Lawrence Tierney: Actor Lawrence Tierney quite often played the tough-guy role in films, from his work playing John Dillinger in 1945, through his near-parody of himself acting in the hilariously awful Tough Guys Don't Dance and the Naked Gun series in the 1980s, to his swan-song appearance in Quentin Tarantino's Reservoir Dogs. This hard-ass persona didn't come out of any acting school, though, for this actor was a Brooklyn-born tough who, during the '50s and '60s, strung together a succession of arrests for drunk driving and disorderly conduct. He even managed to get stabbed during a scrum in a Manhattan bar at the age of 54. In his film work, Tierney will be best remembered for the brutal, hard edge that he brought to his typical role as a killer or thug; especially good is the fierce edge he brought to roles in Born to Kill and The Devil Thumbs a Ride.

J. Lee Thompson: A journeyman director whose greatest achievement is generally held to be the harrowing 1962 Cape Fear, this British expatriate was known mostly for the action and adventure films he helmed during a 40-year career. Nine of them starred Charles Bronson, and also included in the run were both Battle for and Conquest of the Planet of the Apes. Busy to the end, Thompson continued to work, as evidenced by his late stint as a boom microphone operator on Ronny Yu's The Bride of Chucky at the ripe old age of 84.

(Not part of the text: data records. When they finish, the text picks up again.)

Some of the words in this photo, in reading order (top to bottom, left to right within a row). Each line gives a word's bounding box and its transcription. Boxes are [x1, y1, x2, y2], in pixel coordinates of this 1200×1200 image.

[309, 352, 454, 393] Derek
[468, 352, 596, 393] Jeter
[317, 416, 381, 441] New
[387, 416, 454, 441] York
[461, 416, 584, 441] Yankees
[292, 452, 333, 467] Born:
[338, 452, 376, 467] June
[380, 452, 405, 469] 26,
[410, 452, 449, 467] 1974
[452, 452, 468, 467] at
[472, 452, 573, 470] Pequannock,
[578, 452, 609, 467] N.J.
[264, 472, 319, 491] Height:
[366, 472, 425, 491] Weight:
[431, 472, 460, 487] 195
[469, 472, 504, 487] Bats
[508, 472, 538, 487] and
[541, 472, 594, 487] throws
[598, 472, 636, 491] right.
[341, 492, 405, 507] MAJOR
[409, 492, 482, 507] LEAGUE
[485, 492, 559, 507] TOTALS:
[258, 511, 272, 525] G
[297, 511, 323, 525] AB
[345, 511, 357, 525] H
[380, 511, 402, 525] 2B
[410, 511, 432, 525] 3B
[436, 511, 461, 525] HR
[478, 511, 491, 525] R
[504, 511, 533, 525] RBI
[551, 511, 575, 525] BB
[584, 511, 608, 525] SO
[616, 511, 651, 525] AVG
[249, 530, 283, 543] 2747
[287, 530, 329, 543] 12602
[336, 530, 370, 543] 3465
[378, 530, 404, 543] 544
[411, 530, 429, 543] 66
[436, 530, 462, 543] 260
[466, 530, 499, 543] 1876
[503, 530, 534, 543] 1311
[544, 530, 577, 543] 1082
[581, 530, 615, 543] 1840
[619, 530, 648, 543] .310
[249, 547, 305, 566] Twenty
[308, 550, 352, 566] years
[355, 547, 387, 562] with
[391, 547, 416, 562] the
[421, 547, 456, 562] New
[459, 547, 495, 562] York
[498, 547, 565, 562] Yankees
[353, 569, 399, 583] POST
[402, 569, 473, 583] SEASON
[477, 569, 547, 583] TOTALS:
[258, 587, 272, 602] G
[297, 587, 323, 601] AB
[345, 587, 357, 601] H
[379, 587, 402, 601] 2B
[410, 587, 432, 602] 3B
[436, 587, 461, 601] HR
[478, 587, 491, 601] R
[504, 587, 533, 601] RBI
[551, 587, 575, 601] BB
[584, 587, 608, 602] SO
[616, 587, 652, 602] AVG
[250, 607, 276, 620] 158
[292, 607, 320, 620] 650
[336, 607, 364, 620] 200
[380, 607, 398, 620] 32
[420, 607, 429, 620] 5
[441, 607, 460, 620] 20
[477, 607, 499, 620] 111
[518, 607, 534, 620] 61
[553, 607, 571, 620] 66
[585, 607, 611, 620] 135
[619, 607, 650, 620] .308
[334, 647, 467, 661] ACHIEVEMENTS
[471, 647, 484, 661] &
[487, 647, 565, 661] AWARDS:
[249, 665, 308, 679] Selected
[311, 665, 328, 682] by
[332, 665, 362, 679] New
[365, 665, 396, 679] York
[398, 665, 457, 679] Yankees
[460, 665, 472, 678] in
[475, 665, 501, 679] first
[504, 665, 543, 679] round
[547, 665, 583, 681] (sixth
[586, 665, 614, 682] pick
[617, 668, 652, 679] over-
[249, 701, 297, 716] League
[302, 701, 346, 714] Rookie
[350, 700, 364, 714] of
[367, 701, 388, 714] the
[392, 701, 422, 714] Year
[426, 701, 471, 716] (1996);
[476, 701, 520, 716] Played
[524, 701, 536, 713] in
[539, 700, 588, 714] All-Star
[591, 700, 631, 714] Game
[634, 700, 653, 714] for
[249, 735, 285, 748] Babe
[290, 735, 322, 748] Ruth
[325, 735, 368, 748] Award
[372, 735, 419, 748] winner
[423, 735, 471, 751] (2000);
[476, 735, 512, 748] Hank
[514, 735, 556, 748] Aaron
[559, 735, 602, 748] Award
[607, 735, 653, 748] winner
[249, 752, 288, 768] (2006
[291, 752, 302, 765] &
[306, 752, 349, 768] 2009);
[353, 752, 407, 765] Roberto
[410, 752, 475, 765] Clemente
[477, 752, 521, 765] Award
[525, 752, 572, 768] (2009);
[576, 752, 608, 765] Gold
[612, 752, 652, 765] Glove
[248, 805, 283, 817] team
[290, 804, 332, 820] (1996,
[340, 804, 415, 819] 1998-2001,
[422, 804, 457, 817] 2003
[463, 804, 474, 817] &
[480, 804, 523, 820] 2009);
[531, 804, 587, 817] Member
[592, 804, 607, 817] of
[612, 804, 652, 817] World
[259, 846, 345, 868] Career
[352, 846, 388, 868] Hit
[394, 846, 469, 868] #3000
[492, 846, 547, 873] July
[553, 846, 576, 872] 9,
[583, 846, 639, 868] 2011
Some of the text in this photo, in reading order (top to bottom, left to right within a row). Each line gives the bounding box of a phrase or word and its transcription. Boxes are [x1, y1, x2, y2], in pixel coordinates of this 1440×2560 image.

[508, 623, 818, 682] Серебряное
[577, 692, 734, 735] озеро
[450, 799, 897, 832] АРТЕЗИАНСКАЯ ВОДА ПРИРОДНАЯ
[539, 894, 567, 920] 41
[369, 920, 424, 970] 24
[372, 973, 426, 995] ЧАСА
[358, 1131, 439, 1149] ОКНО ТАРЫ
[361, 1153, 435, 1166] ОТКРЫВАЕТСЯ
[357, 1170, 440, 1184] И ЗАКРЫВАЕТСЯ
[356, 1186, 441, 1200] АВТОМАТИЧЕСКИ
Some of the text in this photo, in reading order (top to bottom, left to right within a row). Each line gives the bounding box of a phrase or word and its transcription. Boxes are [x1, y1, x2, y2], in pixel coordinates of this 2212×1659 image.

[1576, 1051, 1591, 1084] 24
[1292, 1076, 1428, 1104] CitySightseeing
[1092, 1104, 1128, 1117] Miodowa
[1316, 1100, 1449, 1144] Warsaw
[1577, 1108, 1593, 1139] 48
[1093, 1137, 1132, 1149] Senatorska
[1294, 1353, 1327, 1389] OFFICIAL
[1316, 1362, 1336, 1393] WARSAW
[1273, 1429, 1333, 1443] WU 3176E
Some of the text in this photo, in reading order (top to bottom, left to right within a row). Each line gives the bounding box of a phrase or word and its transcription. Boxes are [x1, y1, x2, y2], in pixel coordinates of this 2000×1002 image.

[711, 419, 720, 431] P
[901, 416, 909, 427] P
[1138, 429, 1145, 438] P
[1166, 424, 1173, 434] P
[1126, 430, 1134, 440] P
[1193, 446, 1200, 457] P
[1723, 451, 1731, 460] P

Sidney Pink: This producer and director's biggest claim to fame is that he played a pivotal role in the creation of the first full-length 3-D film, Bwana Devil. He was also instrumental in the creation of a less successful (not that the 3-D experience in any way lived up to its promise) bit of trickery called Cinemagic. This special effect was little more than some pink tinting from the printing process combined with a cracked camera lens, but nonetheless the sci-fi Mars picture Angry Red Planet was shot using this technique. Shortly after the release of this film, angered by the union problems an independent faced in Hollywood, Pink moved his operations to Denmark. There he created the classic dinosaur-run-amok film Reptilicus, as well as Journey to the Seventh Planet, in which more or less the same crew from the dino movie was supplemented with John Agar. Pink eventually moved onto other parts of Europe to produce his films, the results including a spaghetti western with Rory Calhoun (Finger on the Trigger), a little-known early Dustin Hoffman vehicle (Madigan's Millions), and the provocatively titled Man From O.R.G.Y. In more recent years, Pink owned and ran movie theaters in both Puerto Rico and Florida, and it was while living in Pompano Beach that he passed away just a couple weeks ago. A true giant of bad film.

Chuck Jones: The final tribute in this Day of the Dead retrospective goes to a director who created some of the most timeless movies shot during the 20th century. Sure, they were short cartoons, but the myriad animated films that Chuck Jones made for Warner Bros. decades ago are of such high quality that they are still easily found in regular rotation on cable to this day. It was Jones who really cemented the personalities of some of the well-known cast of characters (Bugs, Daffy, et al) that continue to rake in cash for the studio at present. The director was also the man behind How the Grinch Stole Christmas, a half-hour TV show that has become one of the inevitable harbingers of the holiday season. I'm sure most readers will be able to pay tribute to the man by remembering their favorite Jones short; for me, it will forever be Duck Amuck that's my favorite. A more perfect cartoon has never been created.